[Dataset entries]
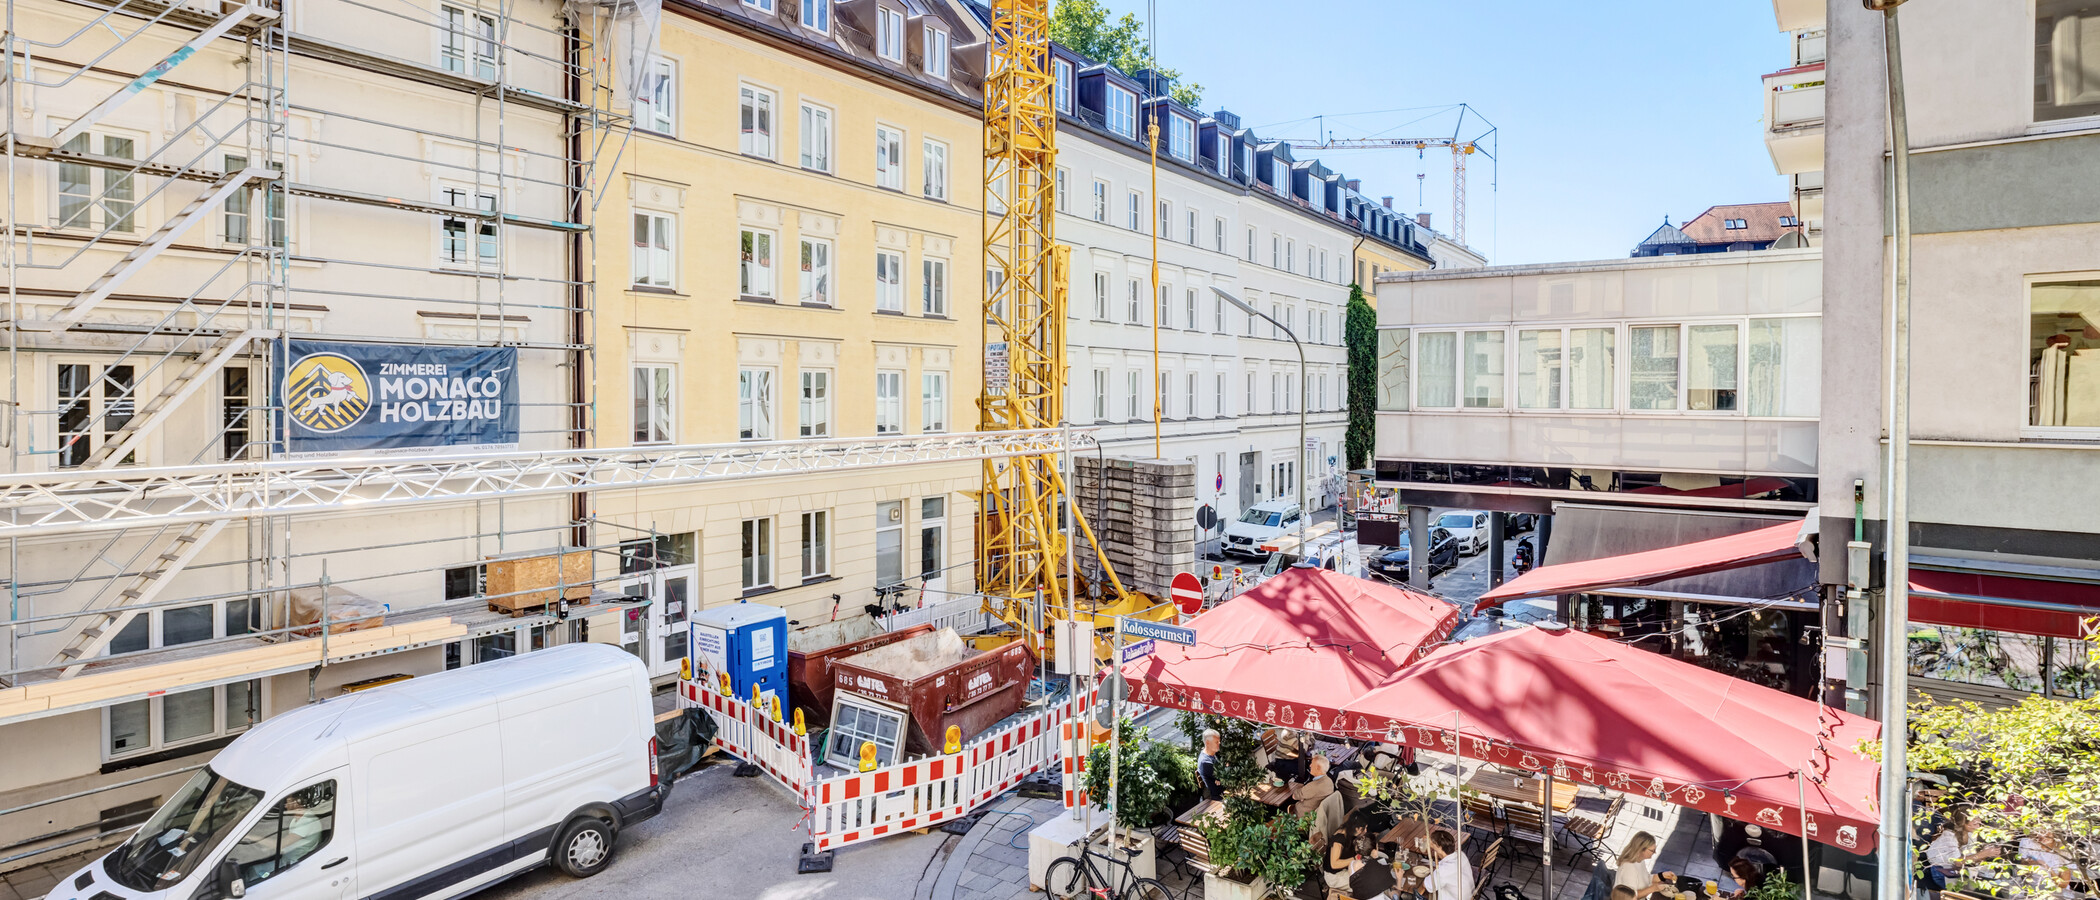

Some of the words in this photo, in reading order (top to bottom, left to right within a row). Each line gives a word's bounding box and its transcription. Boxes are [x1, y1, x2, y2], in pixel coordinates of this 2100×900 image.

[379, 363, 447, 376] ZIMMEREI
[379, 376, 501, 400] MONACO
[379, 400, 501, 423] HOLZBAU
[622, 549, 636, 568] 7
[1122, 620, 1192, 645] Kolosseumstr.
[838, 674, 853, 686] 685
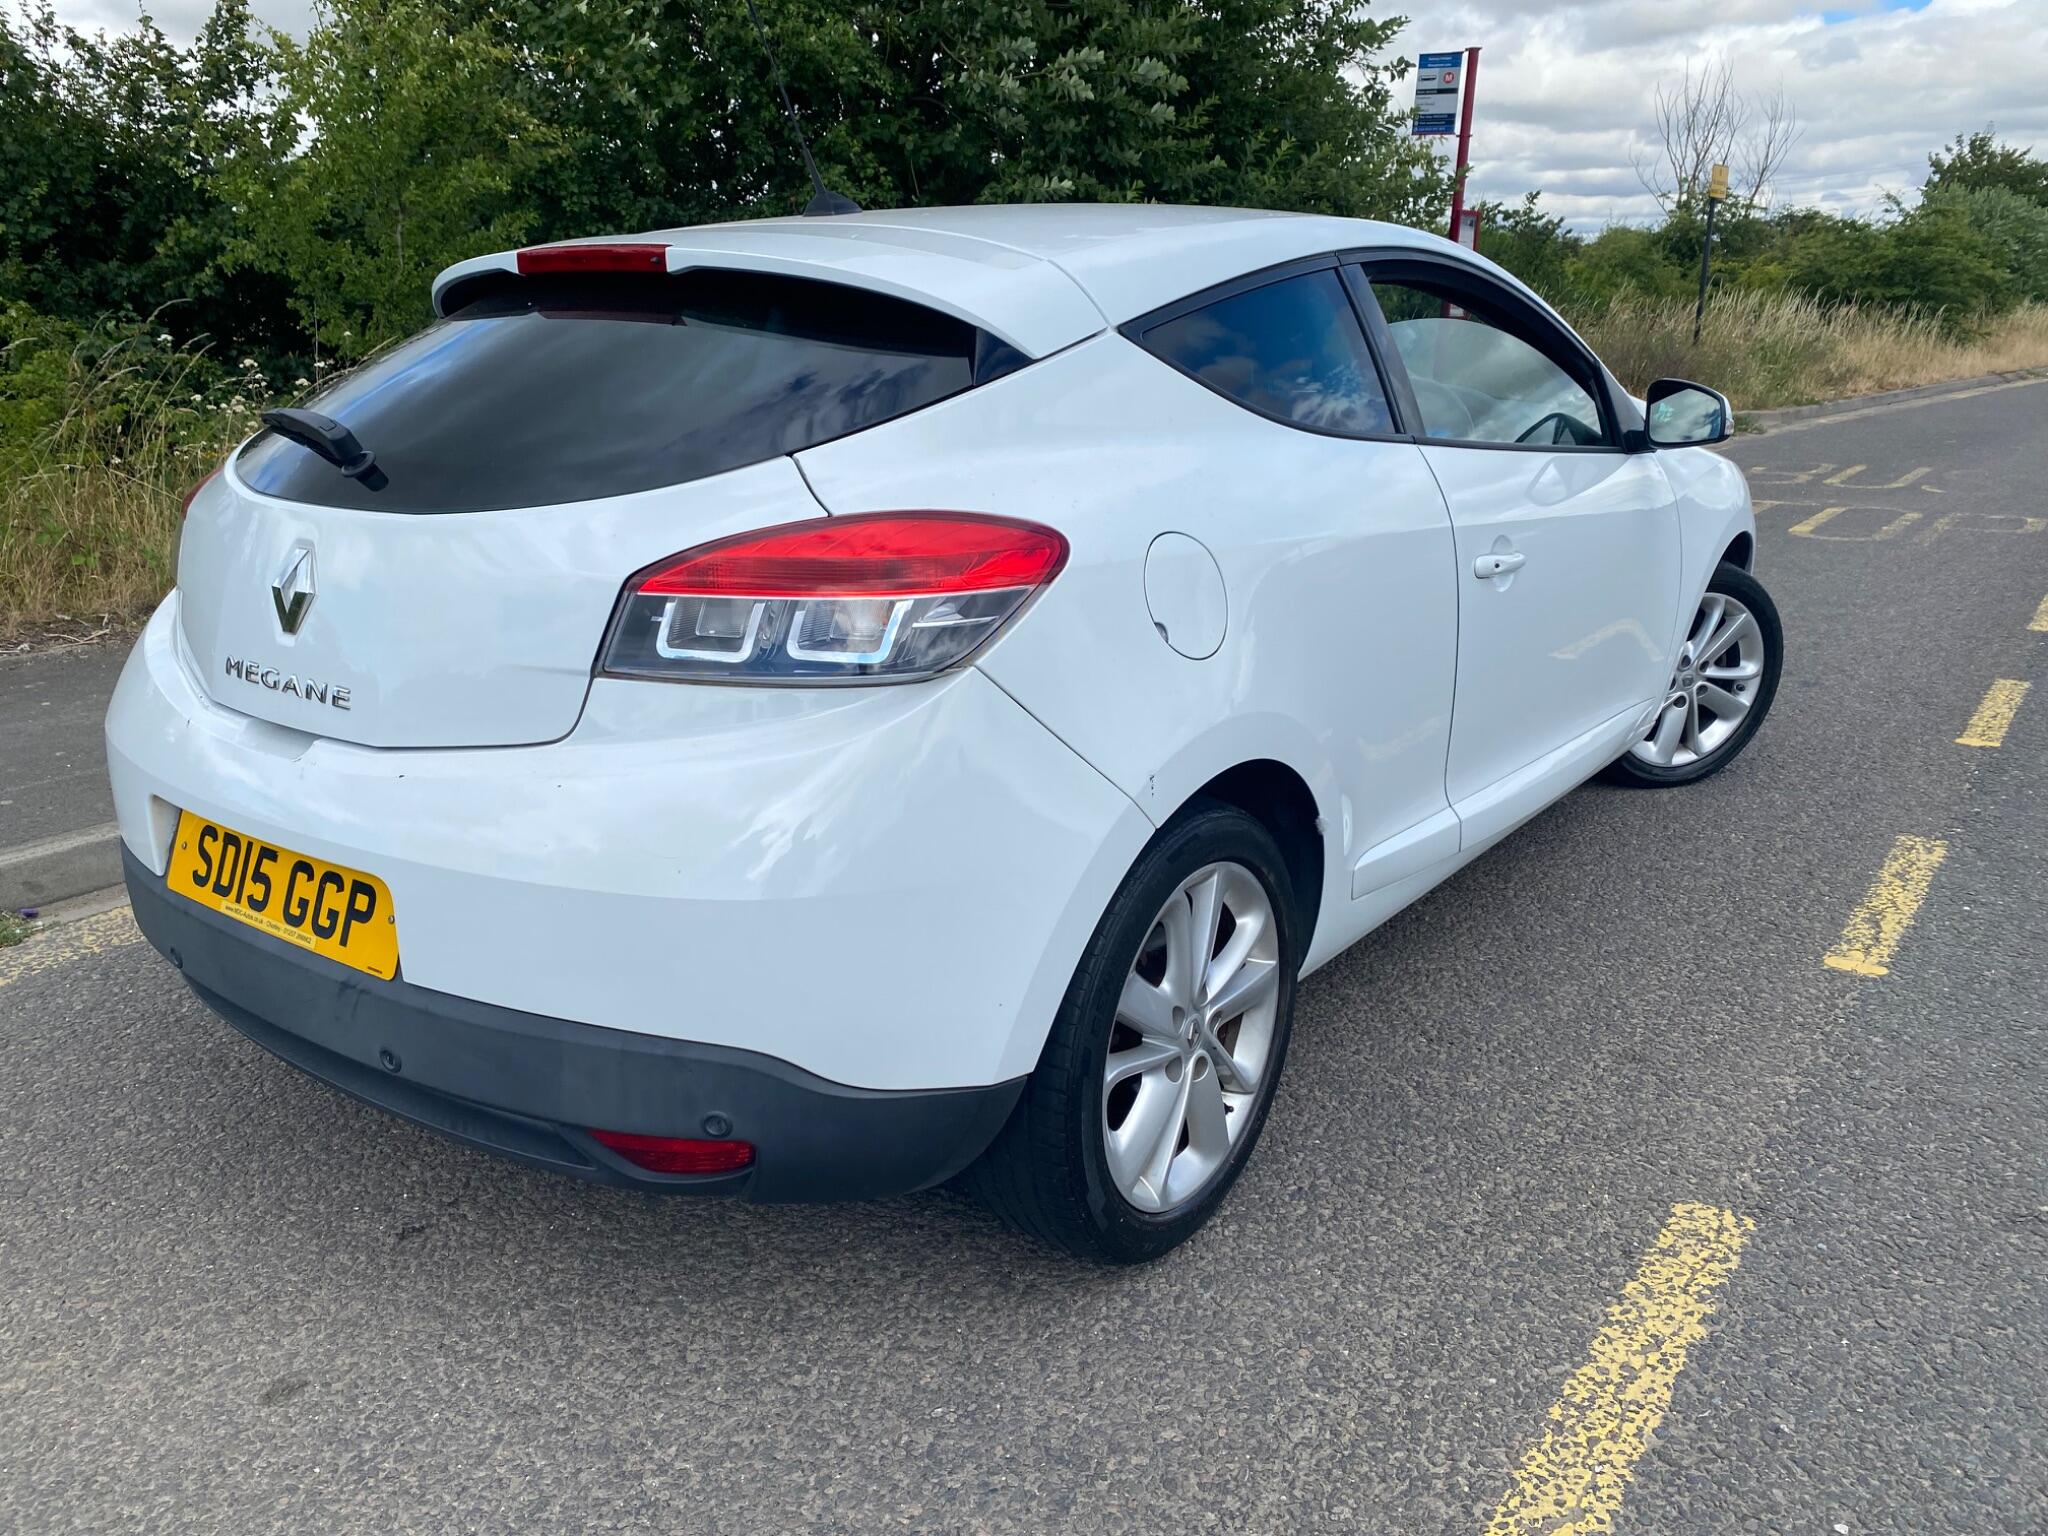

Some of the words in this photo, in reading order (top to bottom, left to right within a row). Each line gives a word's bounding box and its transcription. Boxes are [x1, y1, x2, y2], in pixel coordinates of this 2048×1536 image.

[1752, 500, 2048, 546] OP
[225, 655, 352, 711] MEGANE
[192, 824, 279, 913] SD15
[282, 859, 377, 948] GGP
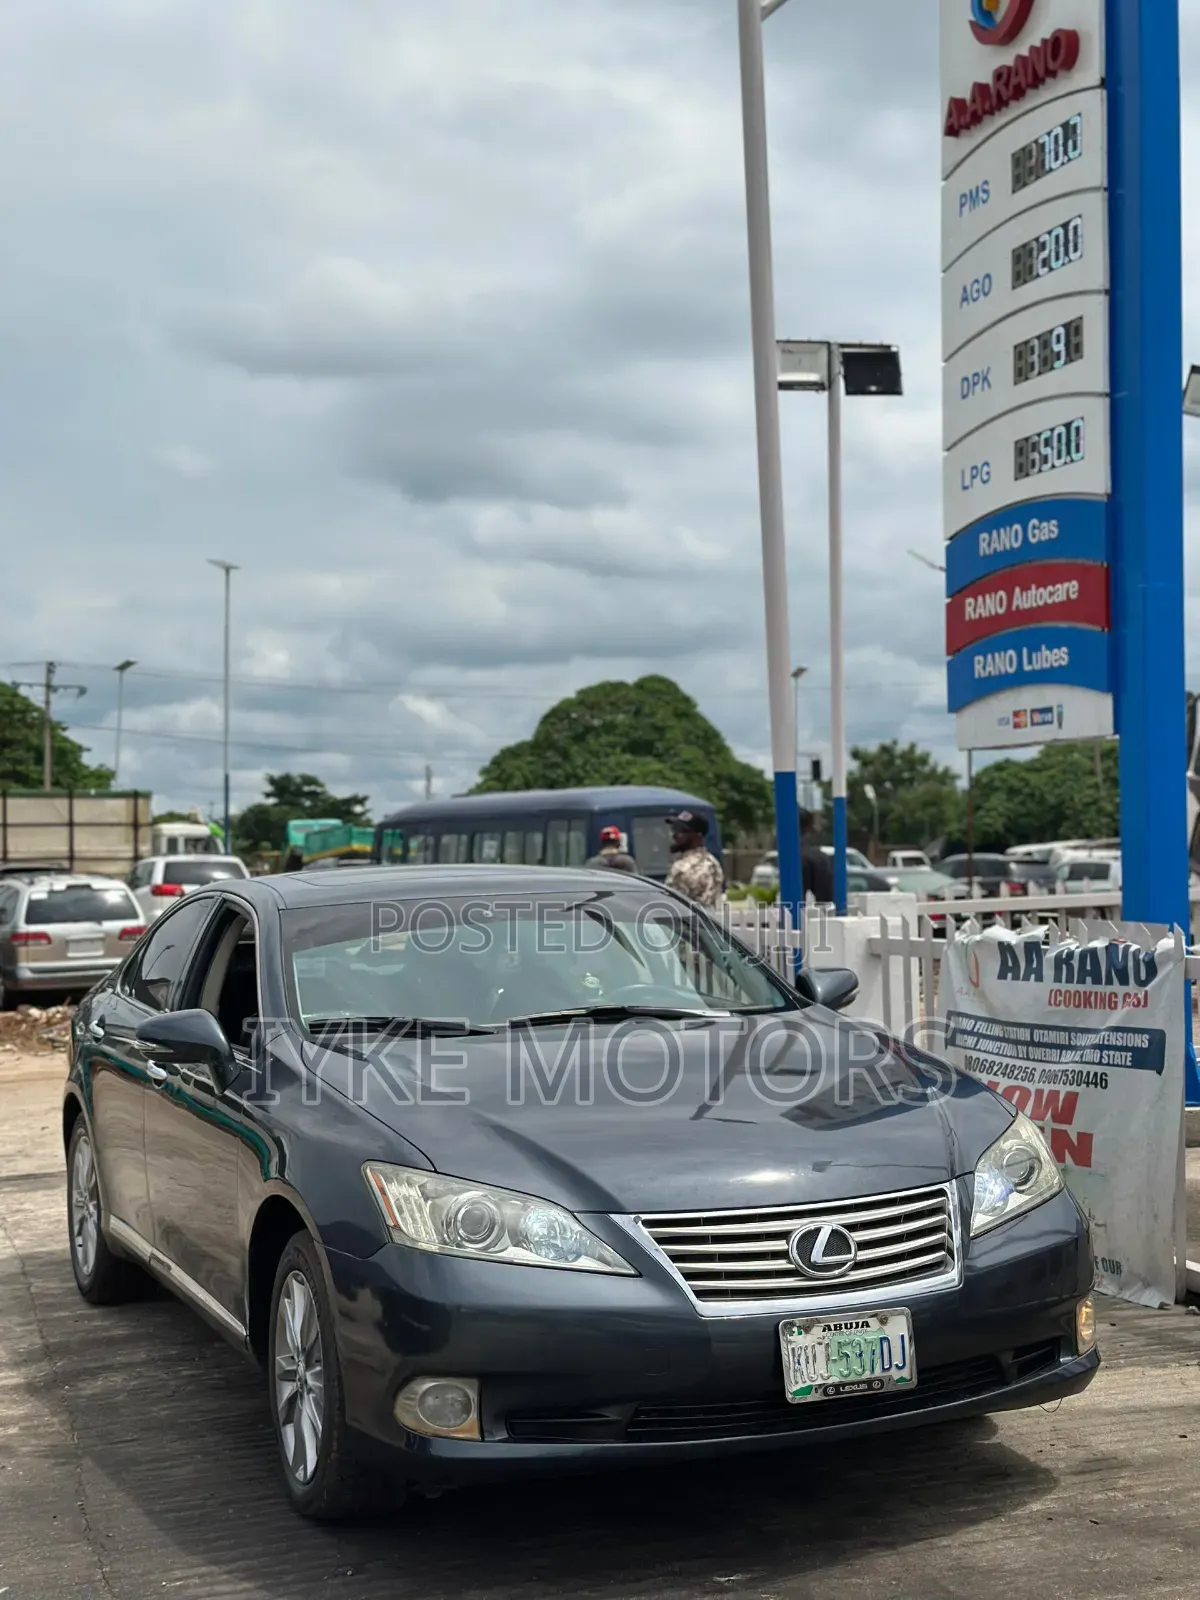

[About this task] In the entries above, find the line containing "this 2048×1536 image."; transcribe exactly that line and every line after it through the end, and only those, omitting pictures.

[Result below]
Some of the words in this photo, in reading order (top to bottom, left to right within a row). Each line gives a word's bounding box and its transcription. Boxes are [x1, y1, x2, y2], in pixel coordinates of this 2048×1536 image.

[1752, 500, 2048, 546] OP
[225, 655, 352, 711] MEGANE
[192, 824, 279, 913] SD15
[282, 859, 377, 948] GGP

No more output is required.